WHAT YOU WILL DO:
Exactly as written, set down each line of the data below except its pictures.

TASK DATA:

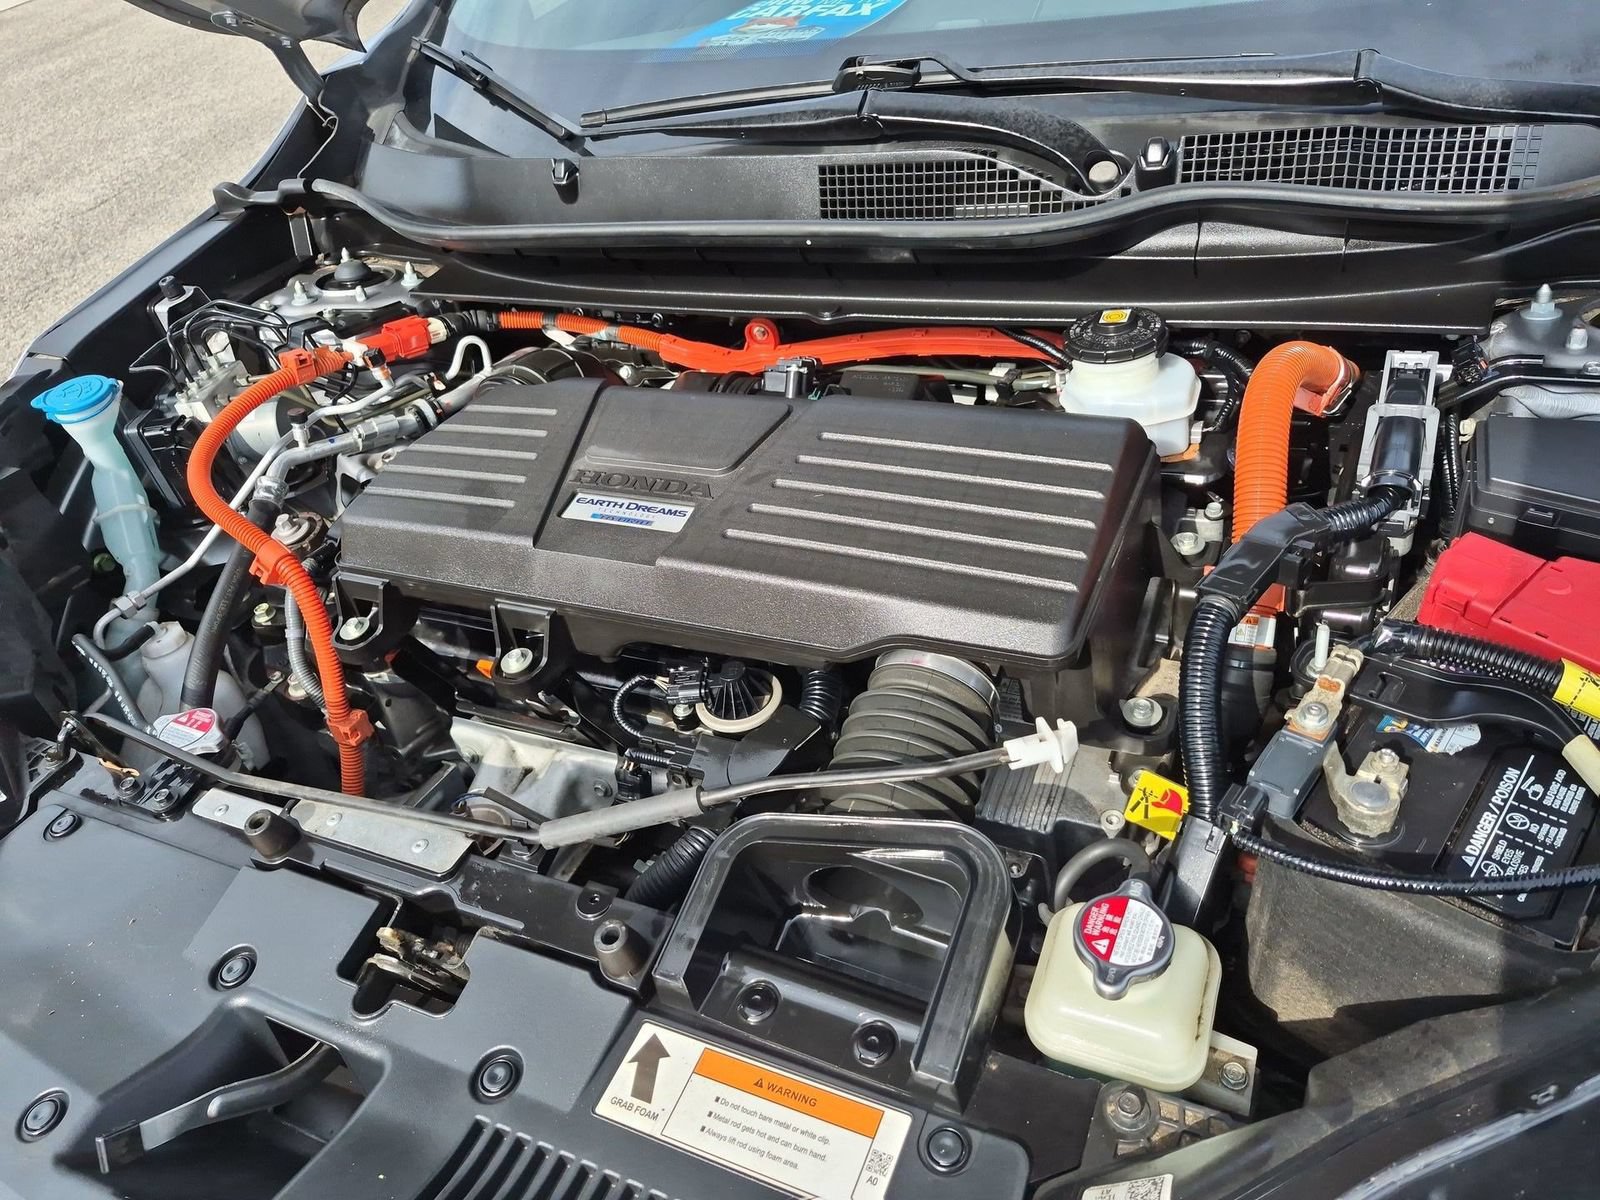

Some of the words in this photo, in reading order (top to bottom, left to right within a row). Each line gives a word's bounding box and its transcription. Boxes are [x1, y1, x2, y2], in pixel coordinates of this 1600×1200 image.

[725, 2, 889, 20] CARFAX
[568, 469, 714, 500] HONDA
[576, 497, 622, 509] EARTH
[1465, 812, 1498, 856] DANGER
[1491, 767, 1520, 806] POISON
[1492, 840, 1508, 860] SHIELD
[1500, 848, 1514, 864] EYES
[1504, 849, 1525, 876] XPLOSIVE
[1084, 906, 1100, 934] DANGER
[1092, 902, 1110, 936] WARNING
[610, 1096, 634, 1111] GRAB
[634, 1106, 659, 1120] FOAM
[768, 1082, 817, 1107] WARNING
[713, 1112, 730, 1124] Metal
[730, 1119, 742, 1129] rod
[741, 1124, 756, 1134] gets
[756, 1128, 767, 1139] hot
[767, 1134, 780, 1144] and
[780, 1140, 792, 1148] can
[793, 1144, 808, 1154] burn
[720, 1098, 730, 1106] Do
[730, 1103, 740, 1111] not
[741, 1106, 758, 1117] touch
[758, 1112, 773, 1124] bare
[774, 1118, 792, 1130] metal
[800, 1129, 816, 1140] white
[817, 1135, 830, 1146] clip.
[705, 1128, 727, 1142] Always
[728, 1136, 736, 1145] lift
[736, 1140, 748, 1150] rod
[748, 1145, 766, 1158] using
[766, 1150, 782, 1163] foam
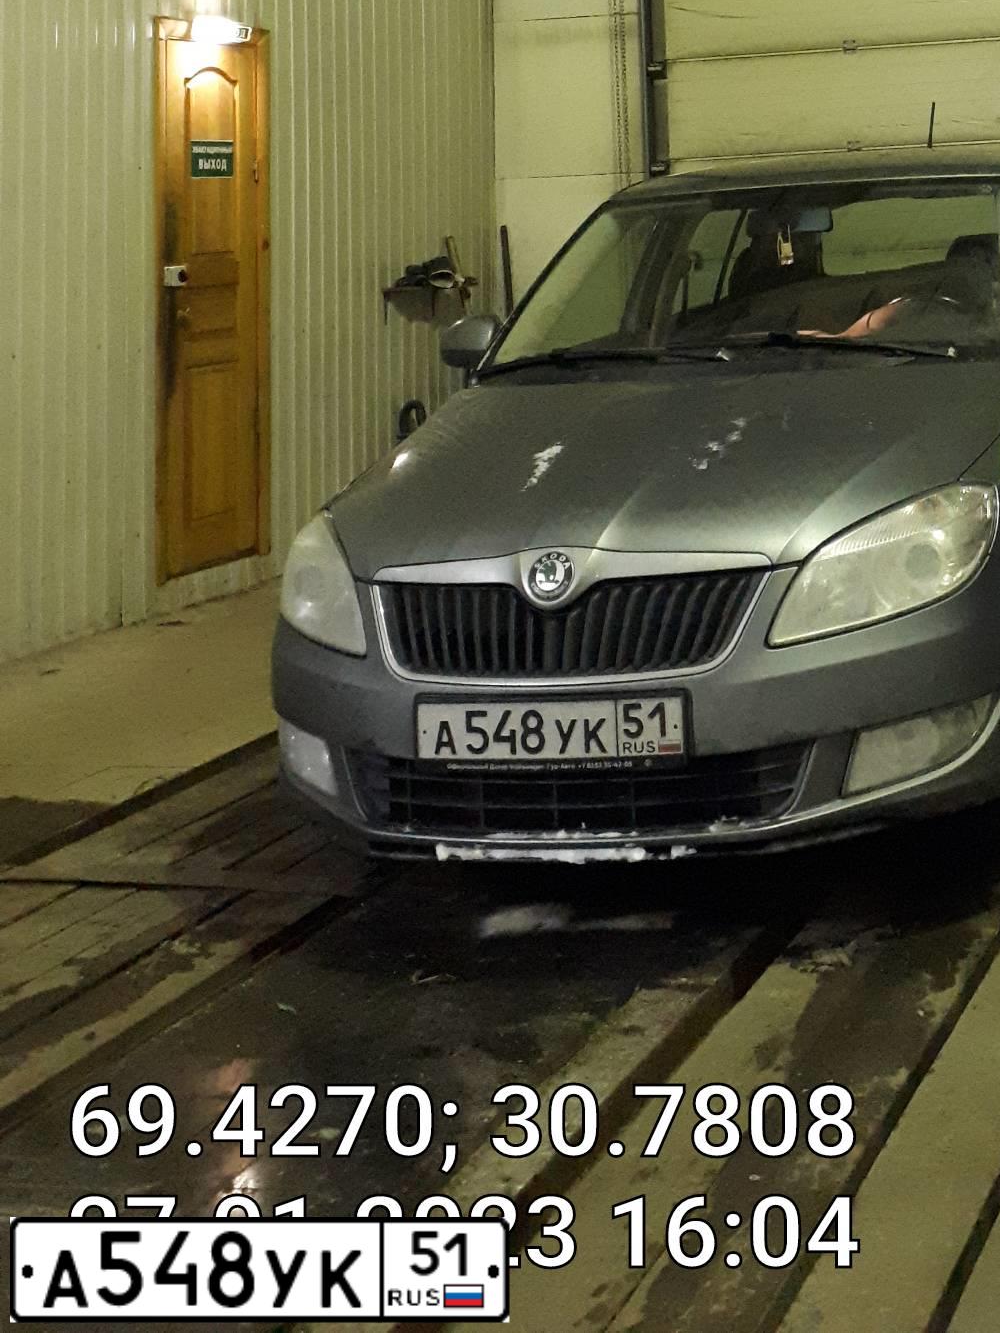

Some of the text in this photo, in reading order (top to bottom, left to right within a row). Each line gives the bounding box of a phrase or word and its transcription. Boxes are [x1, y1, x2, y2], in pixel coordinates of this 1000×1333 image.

[198, 158, 227, 171] ВЫХОД
[434, 702, 667, 755] А548УК 51
[622, 740, 656, 754] RUS
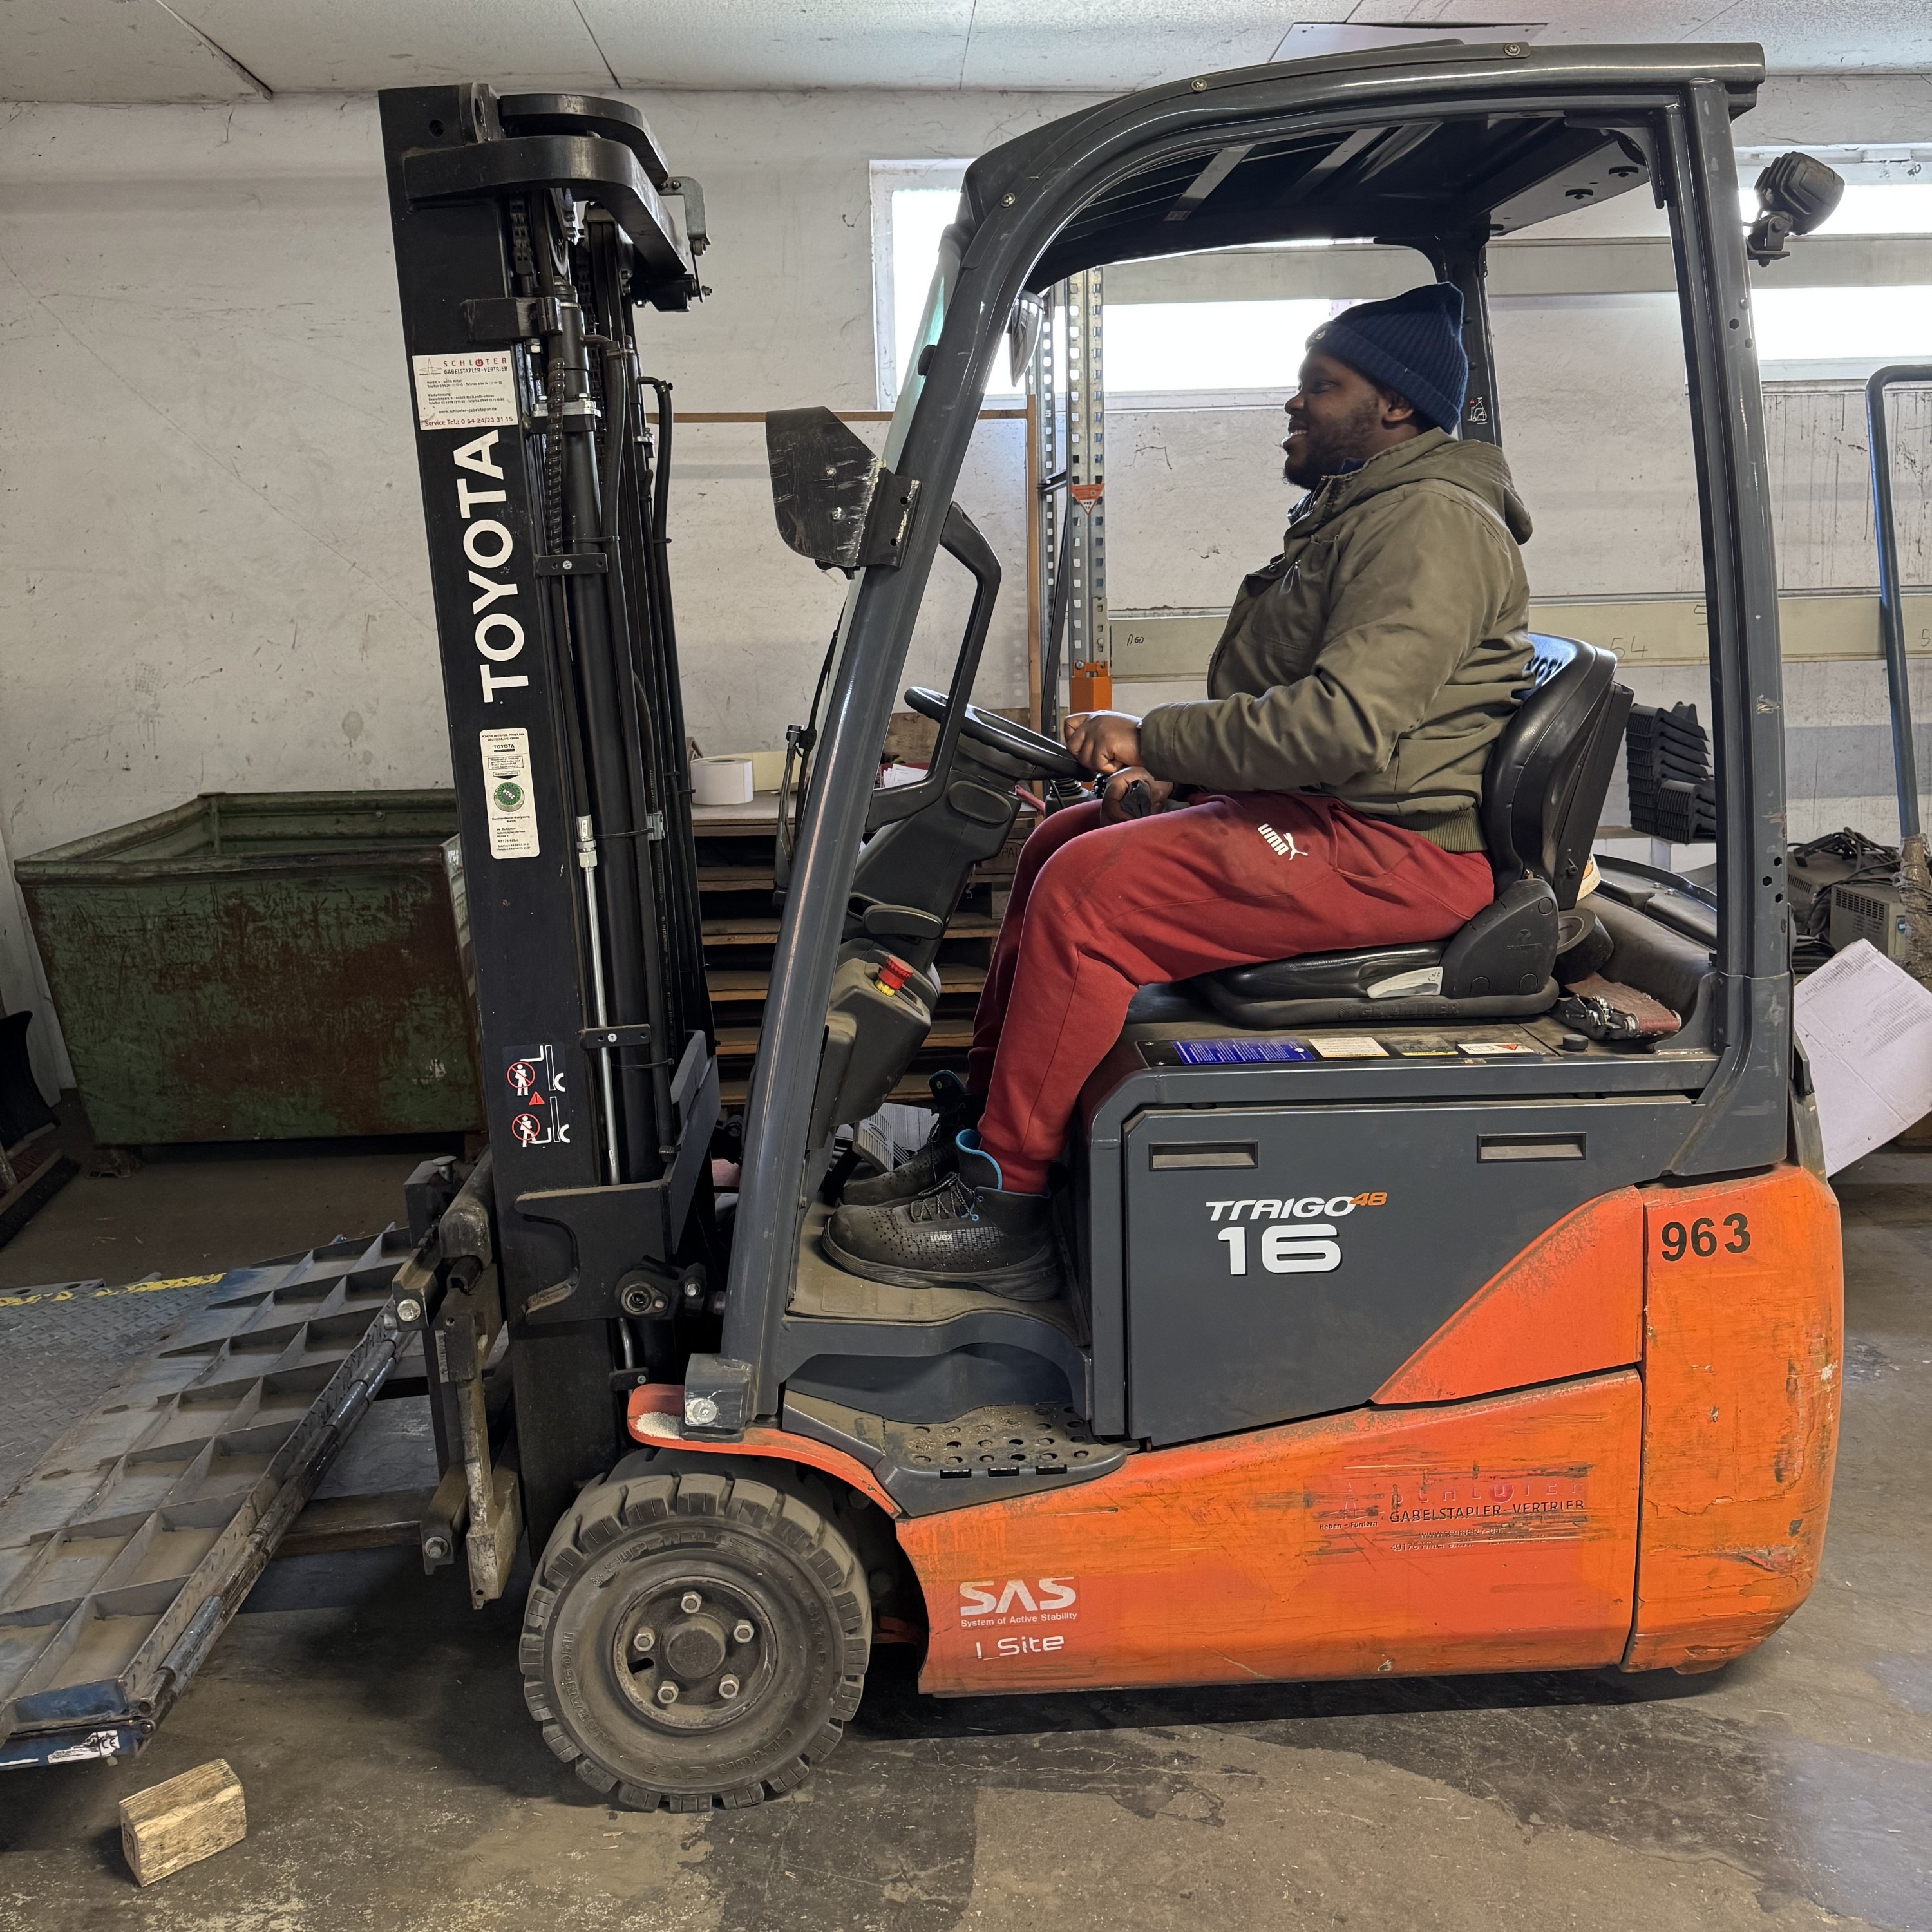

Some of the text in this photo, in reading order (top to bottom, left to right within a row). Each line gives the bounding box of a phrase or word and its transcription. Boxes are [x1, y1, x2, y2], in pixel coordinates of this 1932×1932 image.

OUTPUT BELOW:
Some of the words in this photo, in reading order (top to bottom, left to right within a row). Each line gives a word's bounding box and its transcription. Boxes are [x1, y1, x2, y2], in pixel coordinates of this 1600×1200 image.

[725, 2, 889, 20] CARFAX
[568, 469, 714, 500] HONDA
[576, 497, 622, 509] EARTH
[1465, 812, 1498, 856] DANGER
[1491, 767, 1520, 806] POISON
[1492, 840, 1508, 860] SHIELD
[1500, 848, 1514, 864] EYES
[1504, 849, 1525, 876] XPLOSIVE
[1084, 906, 1100, 934] DANGER
[1092, 902, 1110, 936] WARNING
[610, 1096, 634, 1111] GRAB
[634, 1106, 659, 1120] FOAM
[768, 1082, 817, 1107] WARNING
[713, 1112, 730, 1124] Metal
[730, 1119, 742, 1129] rod
[741, 1124, 756, 1134] gets
[756, 1128, 767, 1139] hot
[767, 1134, 780, 1144] and
[780, 1140, 792, 1148] can
[793, 1144, 808, 1154] burn
[720, 1098, 730, 1106] Do
[730, 1103, 740, 1111] not
[741, 1106, 758, 1117] touch
[758, 1112, 773, 1124] bare
[774, 1118, 792, 1130] metal
[800, 1129, 816, 1140] white
[817, 1135, 830, 1146] clip.
[705, 1128, 727, 1142] Always
[728, 1136, 736, 1145] lift
[736, 1140, 748, 1150] rod
[748, 1145, 766, 1158] using
[766, 1150, 782, 1163] foam

Some of the text in this photo, in reading order (top to bottom, left to right within a row). Each line gives the bounding box of a phrase or word and its transcription. Boxes are [x1, y1, x2, y2], in pixel coordinates of this 1000×1333 image.

[198, 158, 227, 171] ВЫХОД
[434, 702, 667, 755] А548УК 51
[622, 740, 656, 754] RUS

Some of the text in this photo, in reading order (top to bottom, left to right within a row). Each line gives the bounding box of a phrase or word and its transcription. Boxes are [x1, y1, x2, y2], in pixel coordinates of this 1932×1932 image.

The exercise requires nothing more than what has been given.